Werke Œuvres 1979–2015
Edited by Anthony Spira and Lutz Eitel
With texts by Anthony Spira, Stefanie Bräuer, Patrick Javault,
Eva Kuhn, Maja Naef and Ralph Ubl, Philip Ursprung and
biographical notes by Lutz Eitel
Hardcover with dust jacket and inserted brochure
21 x 28 cm
464 and 40 pages
1523 illustrations
Text in English, German and French
ISBN 978-3-935567-87-9
80.00 Euro
Swiss artist Eric Hattan (born 1955) creates his work from the everyday. He needs only the most simple
things: packaging that he turns inside out; furniture that he pins against the ceiling with wooden poles;
shoes that walk up a wall; or his own clothes as an image for the artist’s presence. Everything is lifesize, also in his video works that take a close look at common details and incidents. It is not an innocent gaze, though, and spectators have to be fully aware of what they perceive, if it is an actual room
or just a small model behind the spy hole, if it is a structural column or just a plaster stand-in. There
even seem to be traces of violent intervention: breeched walls, giant street lamps bent or torn out of
the floor ... if aesthetics are an ordering of the world, then here that order is stood on its head.

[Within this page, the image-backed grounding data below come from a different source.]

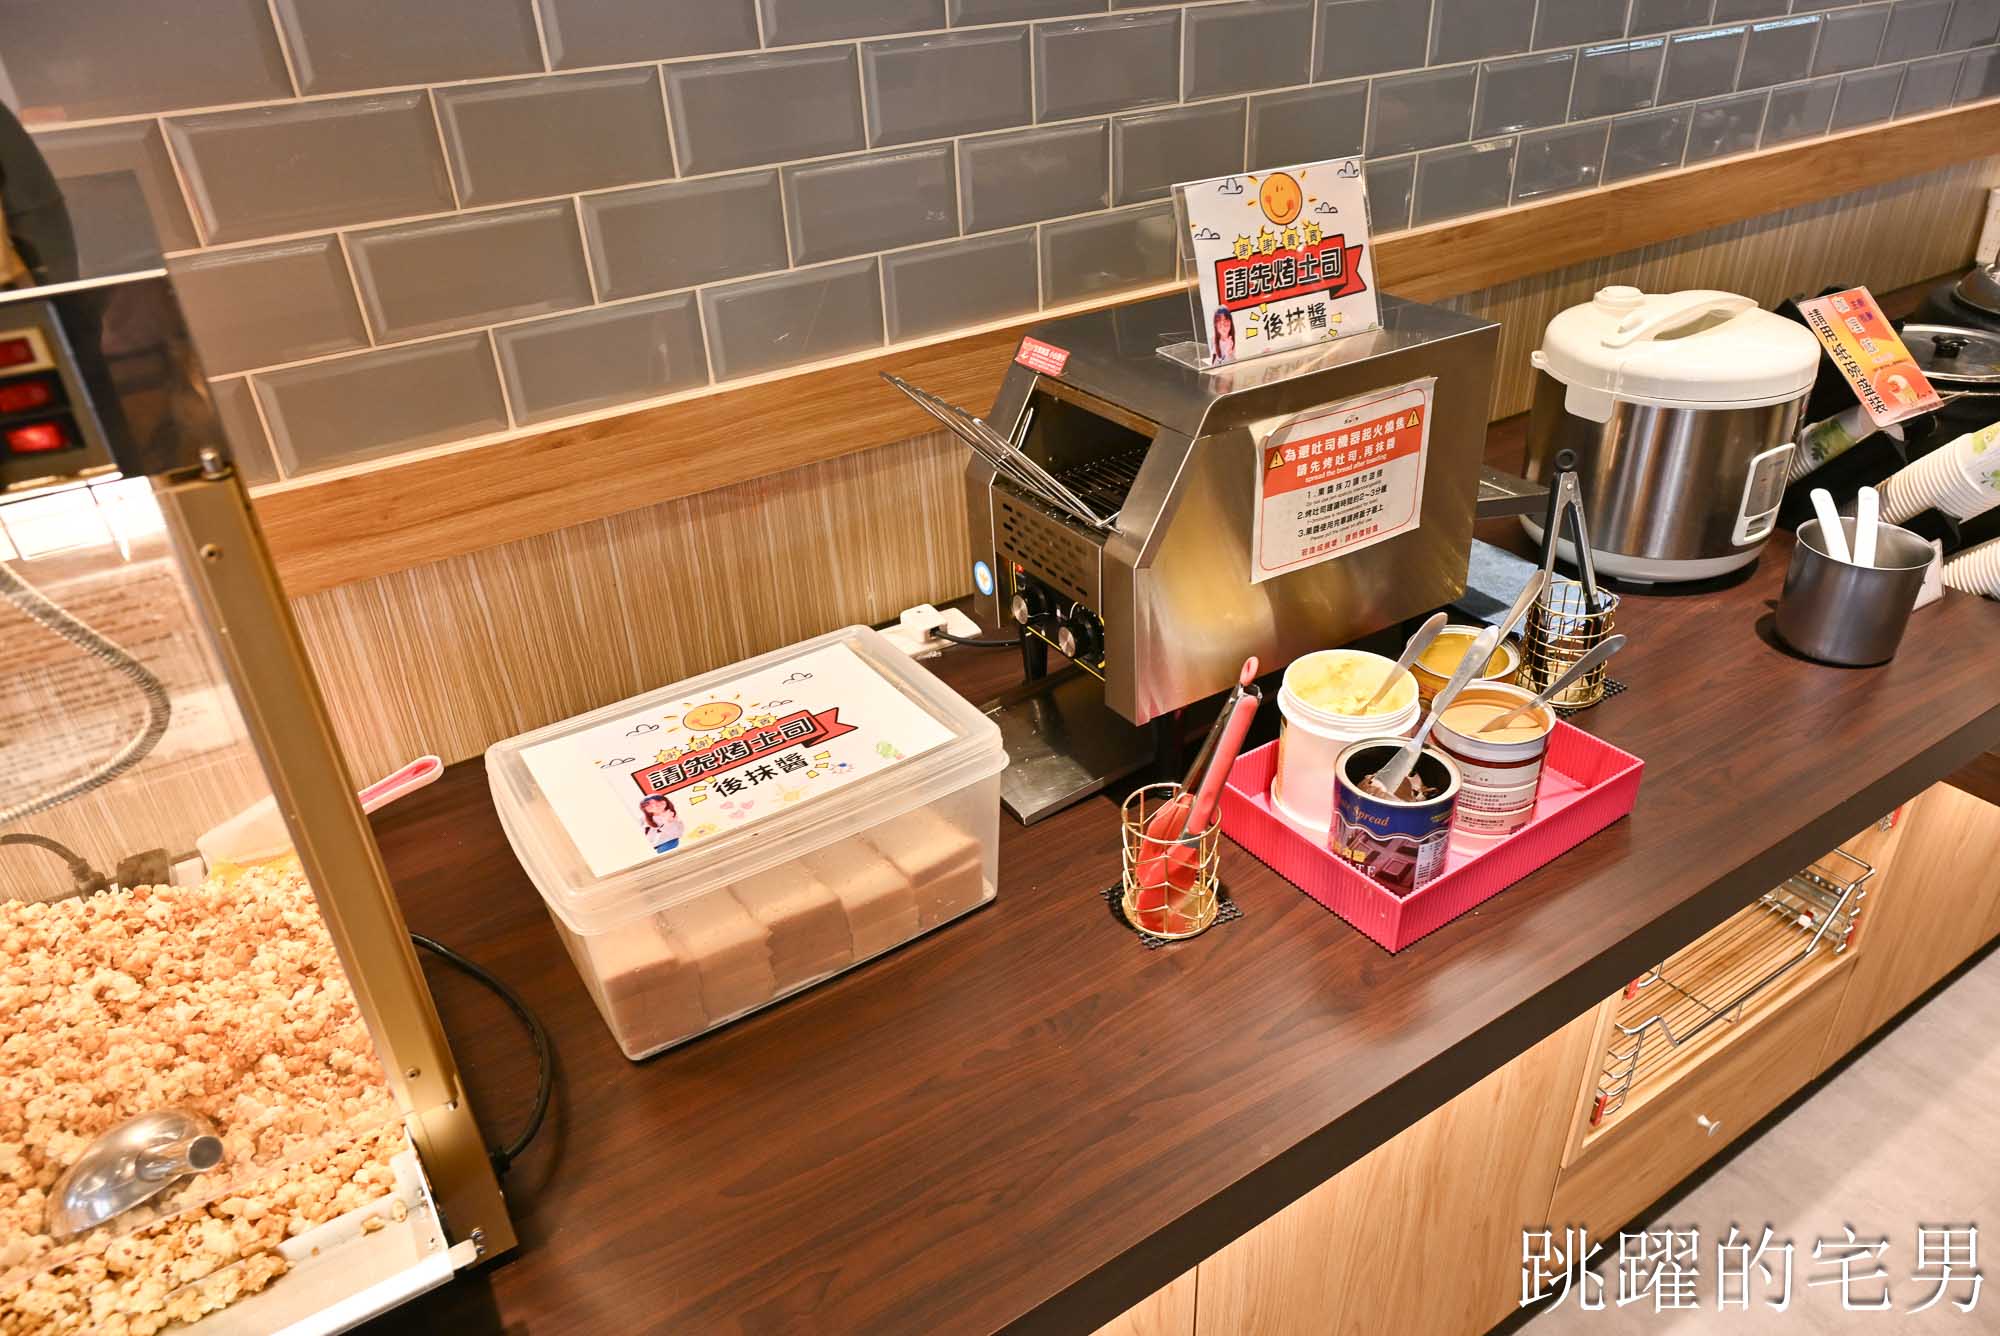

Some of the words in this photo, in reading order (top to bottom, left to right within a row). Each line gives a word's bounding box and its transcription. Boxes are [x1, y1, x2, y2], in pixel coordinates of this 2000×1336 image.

[1224, 248, 1342, 301] 請先烤土司
[1263, 302, 1327, 340] 後抹醬
[647, 717, 815, 792] 請先烤土司
[712, 753, 809, 798] 後抹醬
[1353, 806, 1390, 827] Spread
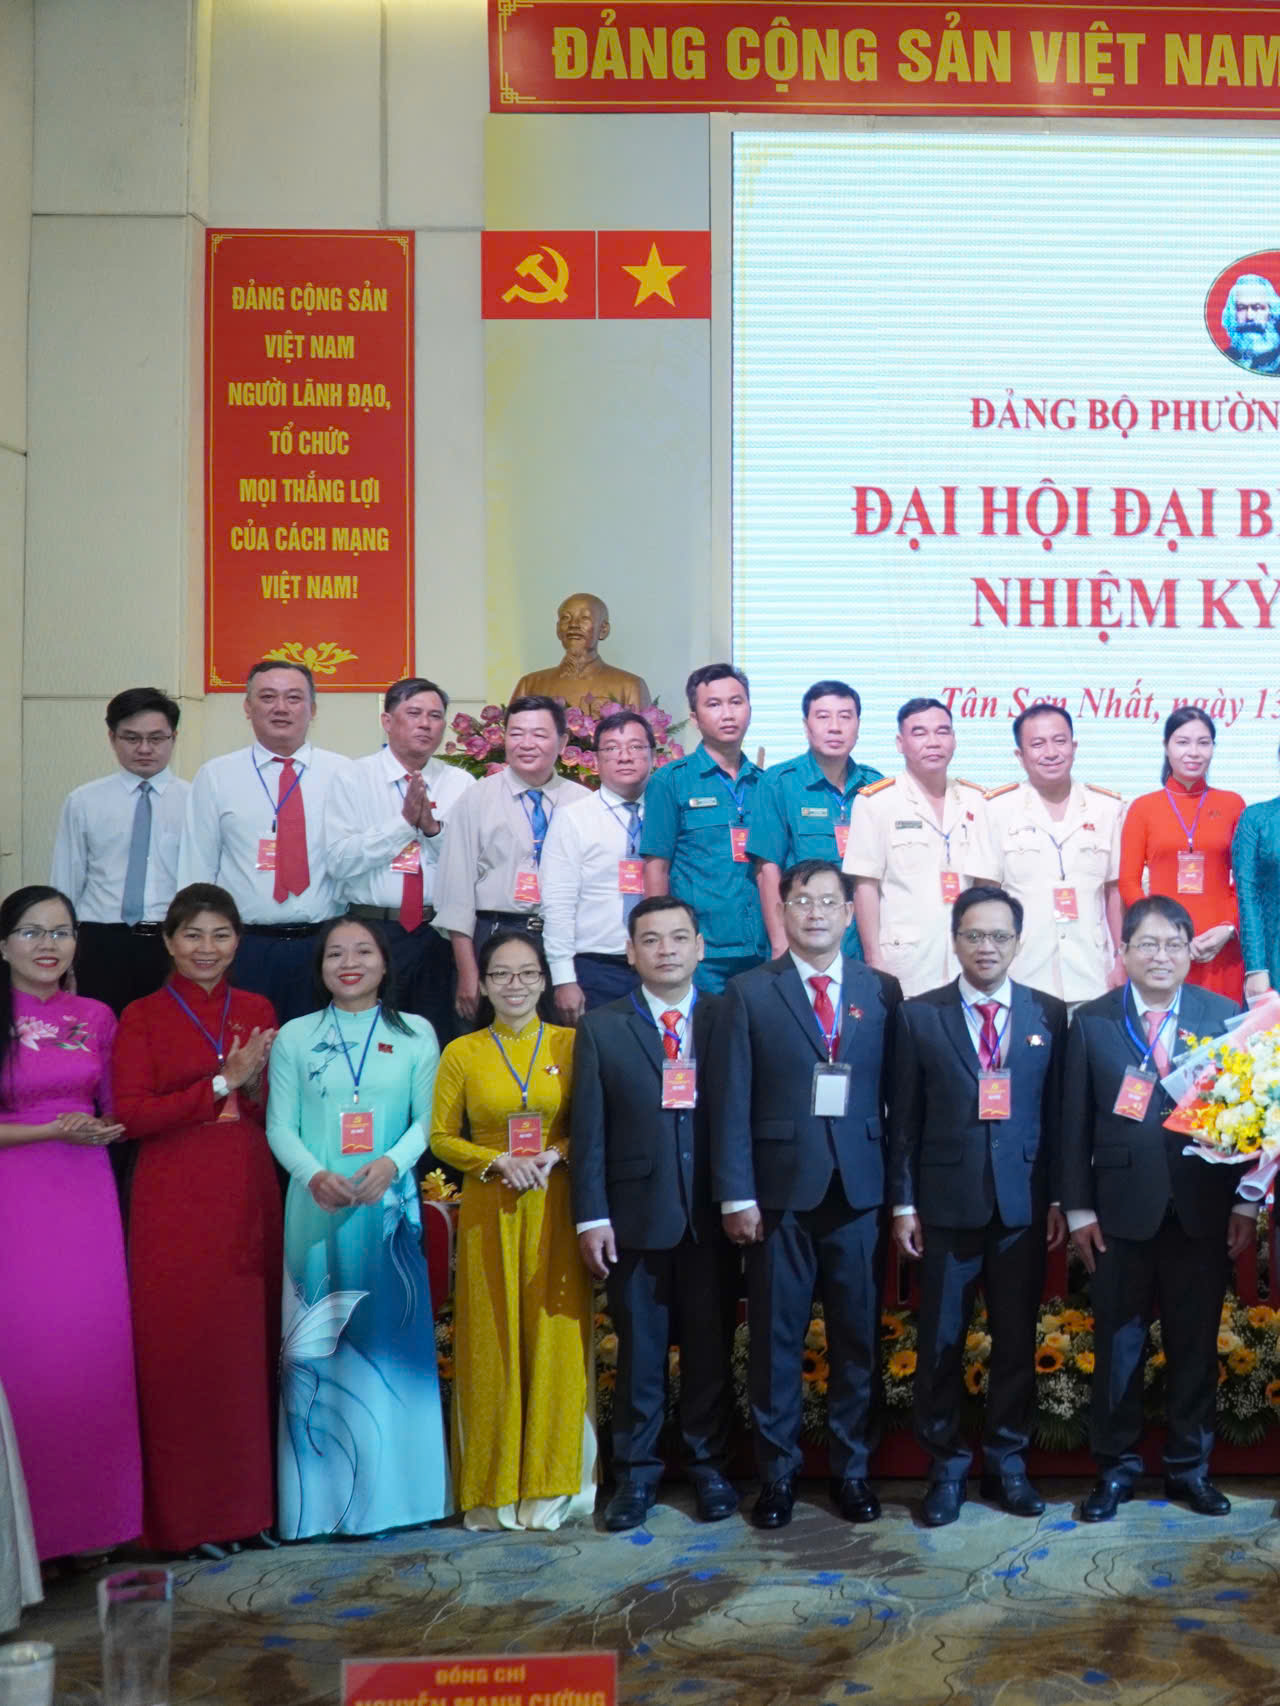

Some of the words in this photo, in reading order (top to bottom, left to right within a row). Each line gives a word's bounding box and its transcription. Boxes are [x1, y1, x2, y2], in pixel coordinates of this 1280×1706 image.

Eric Hattan became an artist the practical way, by engaging with the world and organizing
the local art scene, especially though the off-space Filiale, which he first opened in 1981. This book
presents the artist’s complete journey, an overview of works always reinvented in situ, in hundreds of
installation images and video stills and a collection of essays that for the first time present the artist’s
oeuvre from all angles. There emerges an artistic approach that is not about the conquest of ever new
spheres, but about the open exploration of sidelines. Hattan’s work develops seemingly familiar terrain
and inspires us for our own encounter of the everyday.
TERRAIN VAGUE (excerpt from the essay by Philip Ursprung)
If I had to select an emblem for Hattan’s work, I would take the motif of the mattress stemmed against
the ceiling. I consider it emblematic because it combines several artistic questions raised by Hattan.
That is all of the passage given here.